**WORK ITEM**
Print every entry exactly as it appears, but skip the pictures.

--------------------------------

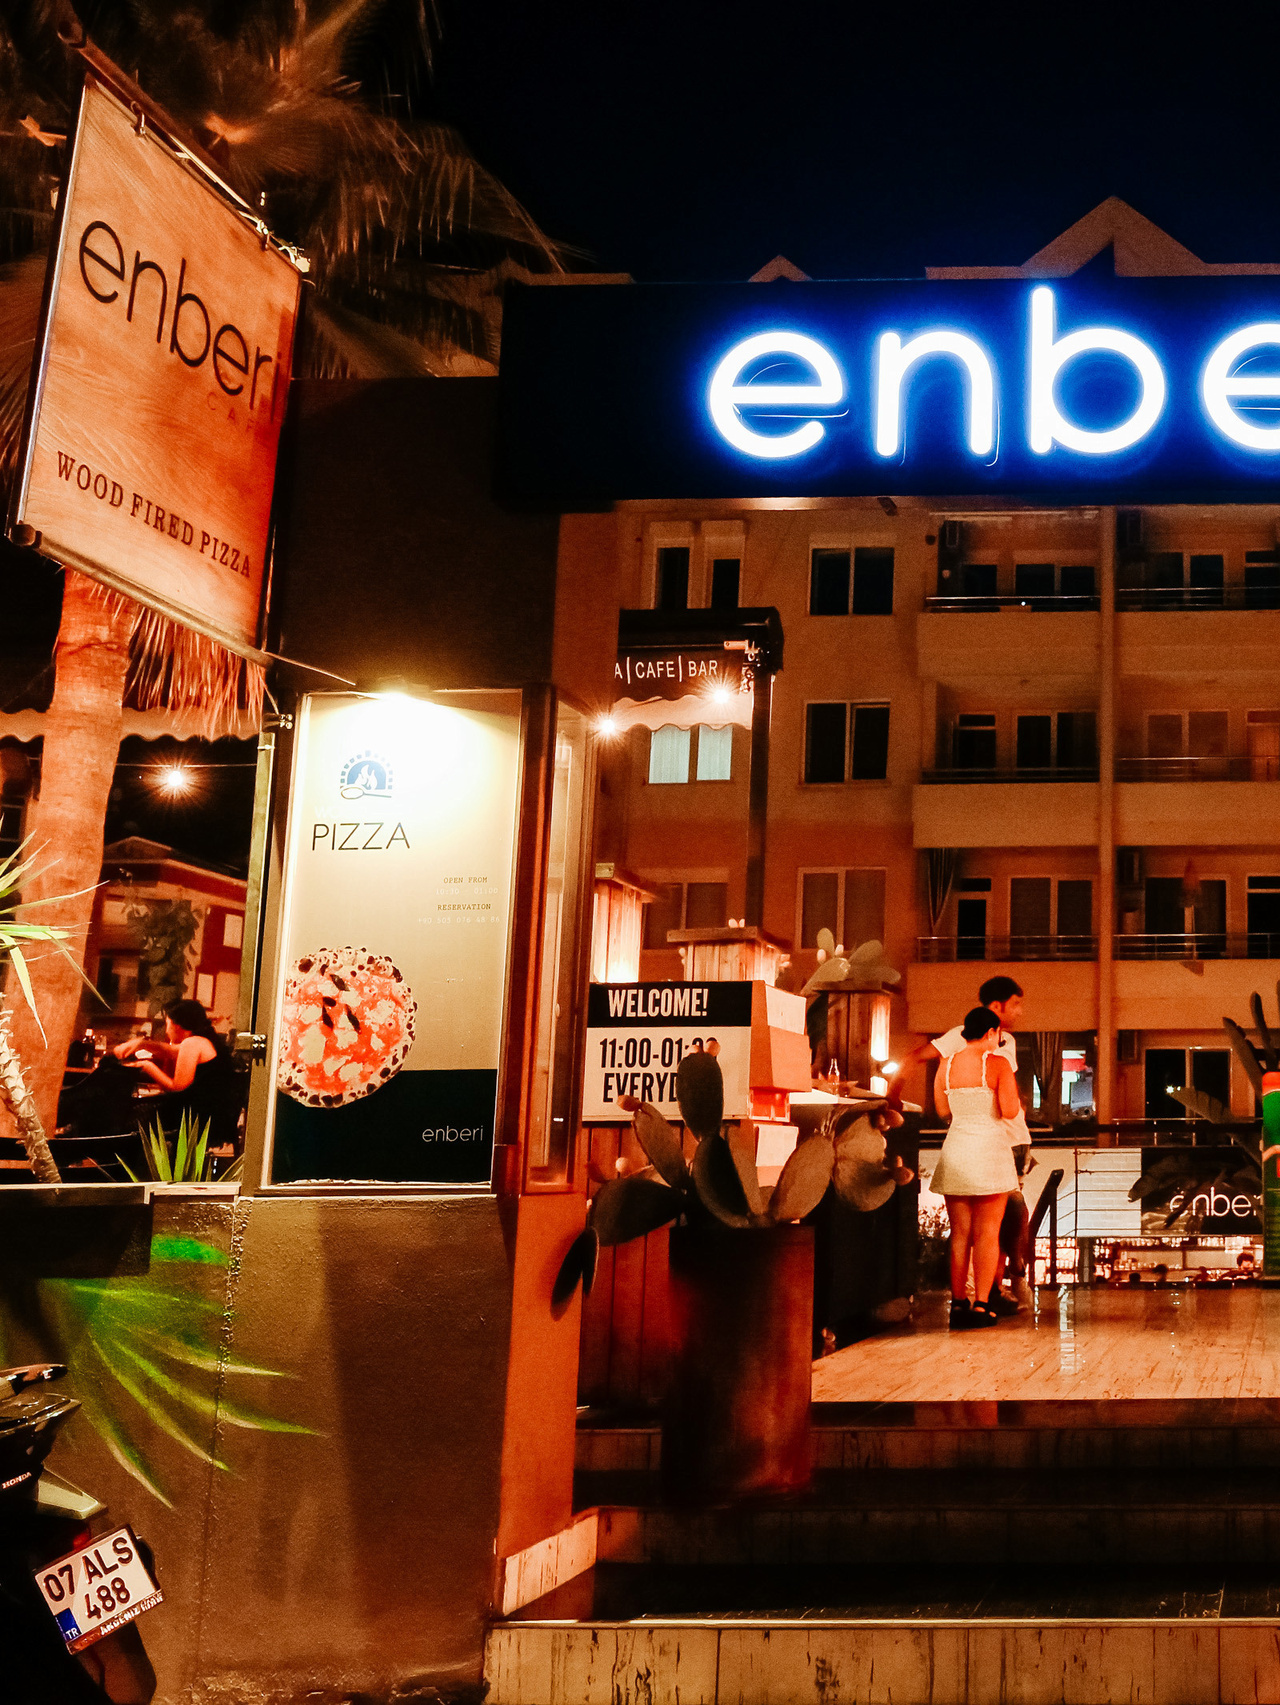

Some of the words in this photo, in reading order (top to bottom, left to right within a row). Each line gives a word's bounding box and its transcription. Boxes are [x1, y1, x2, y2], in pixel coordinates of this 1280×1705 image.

[58, 451, 124, 508] WOOD
[130, 492, 194, 546] FIRED
[199, 530, 251, 578] PIZZA
[635, 661, 676, 679] CAFE
[688, 660, 718, 677] BAR
[312, 821, 411, 851] PIZZA
[468, 876, 488, 884] FROM
[437, 903, 492, 911] RESERVATION
[608, 988, 709, 1017] WELCOME!
[603, 1072, 680, 1103] EVERYD
[421, 1124, 484, 1143] enberi
[1169, 1186, 1262, 1217] enber
[2, 1471, 32, 1489] HONDA
[43, 1563, 75, 1602] 07
[82, 1536, 133, 1584] ALS
[84, 1576, 131, 1620] 488
[66, 1628, 79, 1640] TR
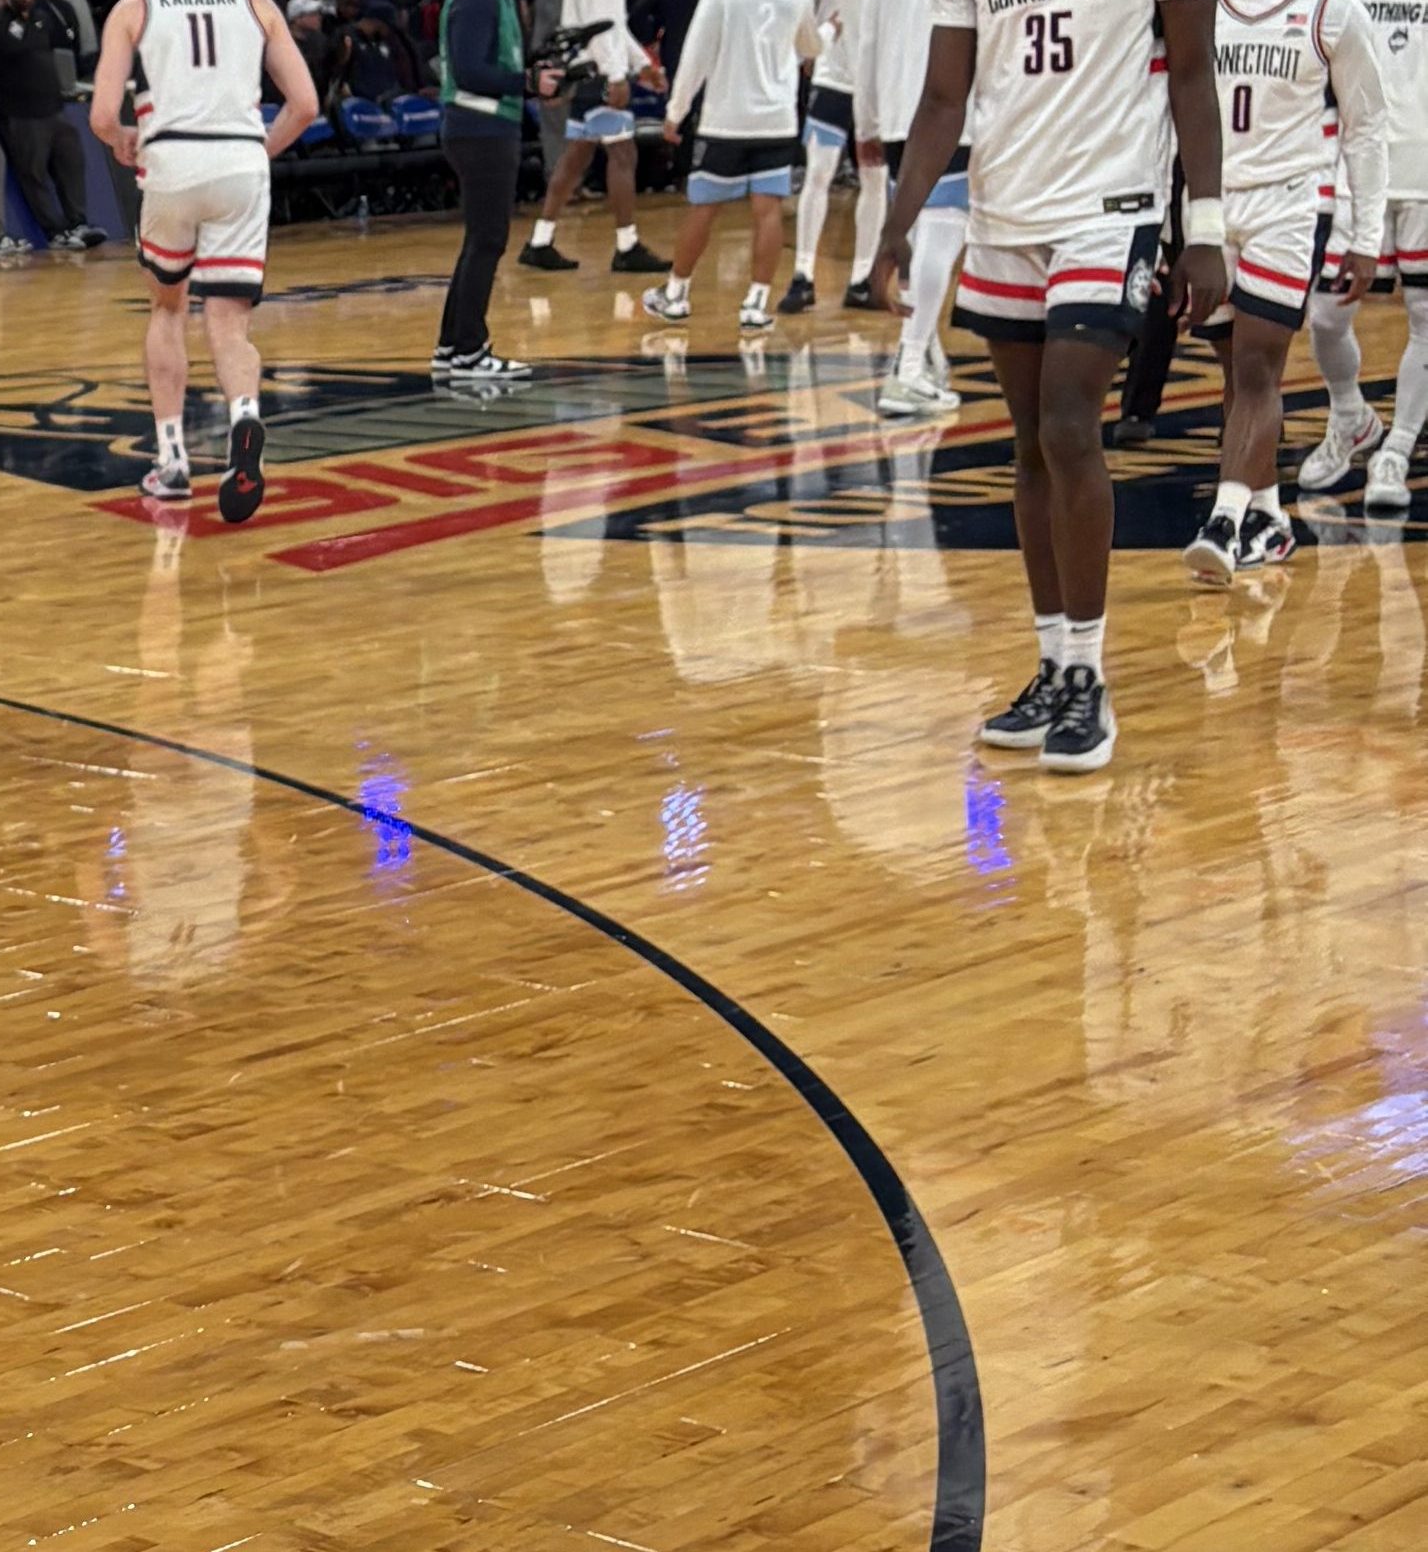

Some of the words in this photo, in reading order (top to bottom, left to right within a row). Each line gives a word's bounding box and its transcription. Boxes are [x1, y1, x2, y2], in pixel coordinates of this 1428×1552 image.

[186, 12, 217, 68] 11
[1024, 10, 1074, 75] 35
[1232, 85, 1253, 134] 0
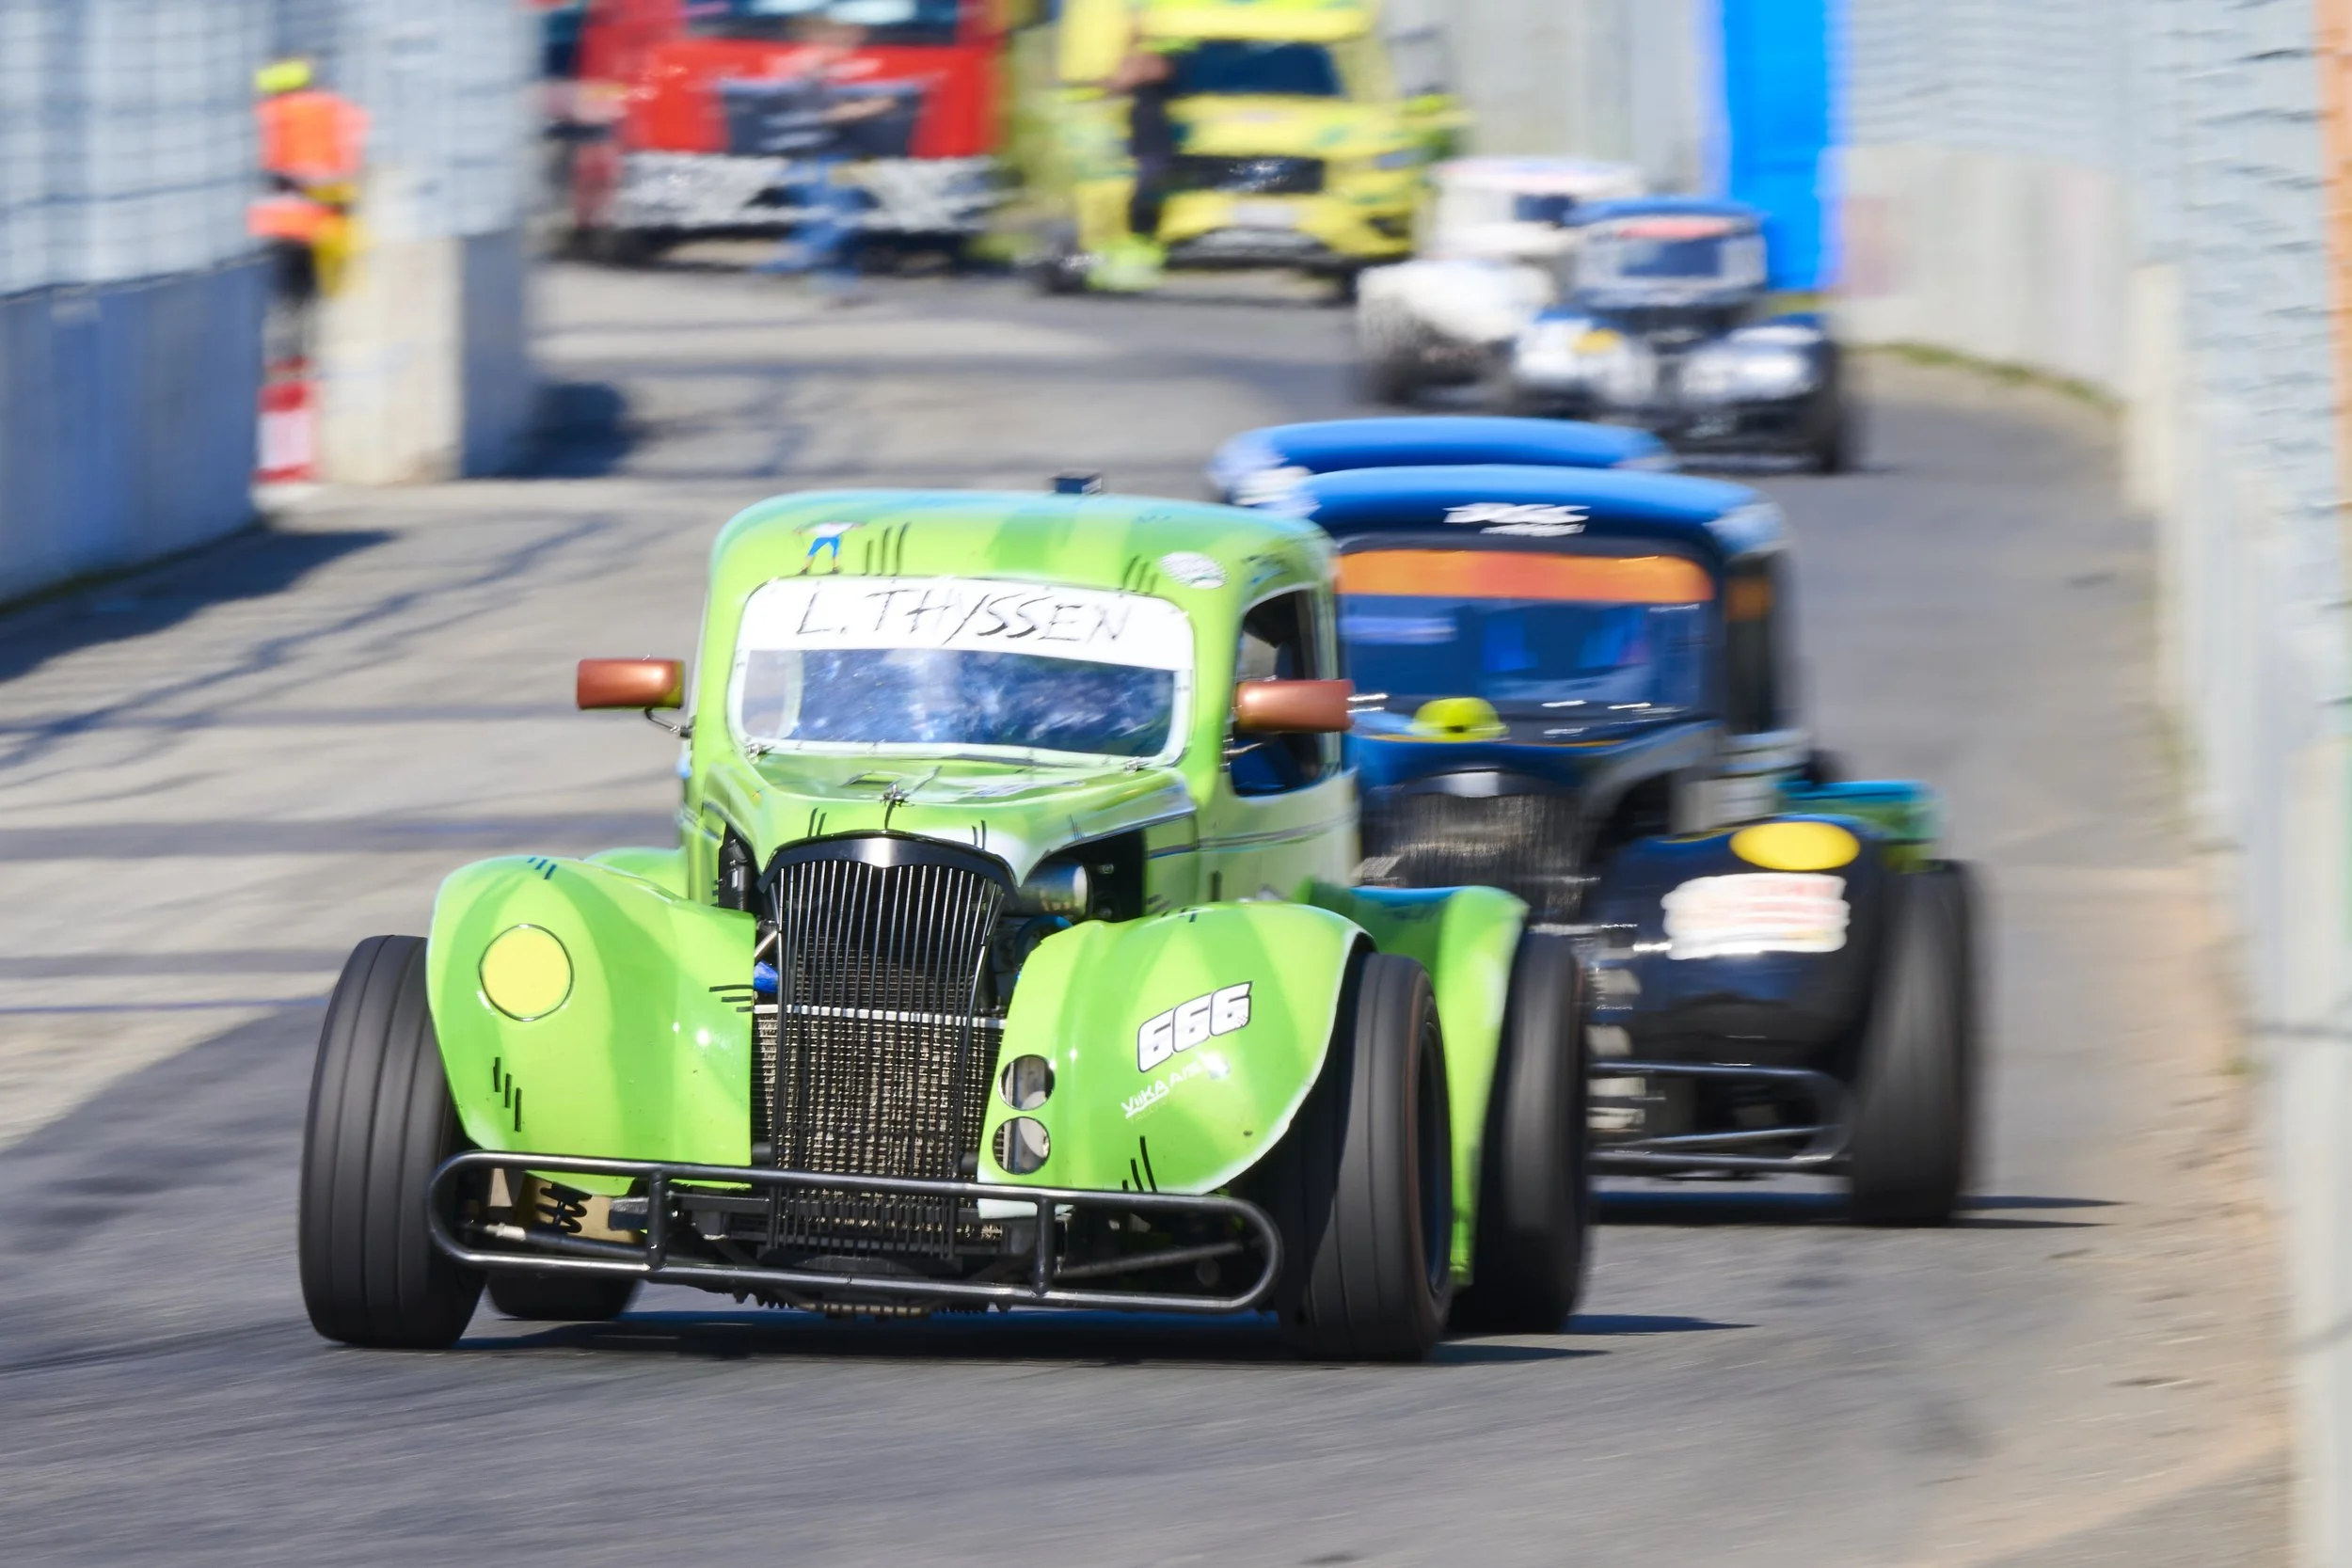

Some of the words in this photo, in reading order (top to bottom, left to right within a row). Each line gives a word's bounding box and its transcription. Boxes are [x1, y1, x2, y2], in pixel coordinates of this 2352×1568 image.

[795, 589, 847, 636] L.
[866, 589, 1134, 645] THYSSEN
[1137, 981, 1252, 1072] 666

--------------------------------

**ANSWER SPACE**
Some of the words in this photo, in reading order (top to bottom, left to right within a row). Each line gives a word's bounding box and its transcription. Boxes are [x1, y1, x2, y2], in pixel coordinates of this 1280×1705 image.

[58, 451, 124, 508] WOOD
[130, 492, 194, 546] FIRED
[199, 530, 251, 578] PIZZA
[635, 661, 676, 679] CAFE
[688, 660, 718, 677] BAR
[312, 821, 411, 851] PIZZA
[468, 876, 488, 884] FROM
[437, 903, 492, 911] RESERVATION
[608, 988, 709, 1017] WELCOME!
[603, 1072, 680, 1103] EVERYD
[421, 1124, 484, 1143] enberi
[1169, 1186, 1262, 1217] enber
[2, 1471, 32, 1489] HONDA
[43, 1563, 75, 1602] 07
[82, 1536, 133, 1584] ALS
[84, 1576, 131, 1620] 488
[66, 1628, 79, 1640] TR

Some of the words in this photo, in reading order (top to bottom, left to right within a row). Each line gives a word's bounding box and its transcription. Boxes are [x1, y1, x2, y2], in pixel coordinates of this 1428×1552 image.

[186, 12, 217, 68] 11
[1024, 10, 1074, 75] 35
[1232, 85, 1253, 134] 0

Some of the words in this photo, in reading order (top to bottom, left to right within a row). Each line gives a word's bounding box and its transcription. Boxes are [x1, y1, x2, y2], in pixel coordinates of this 2352×1568 image.

[795, 589, 847, 636] L.
[866, 589, 1134, 645] THYSSEN
[1137, 981, 1252, 1072] 666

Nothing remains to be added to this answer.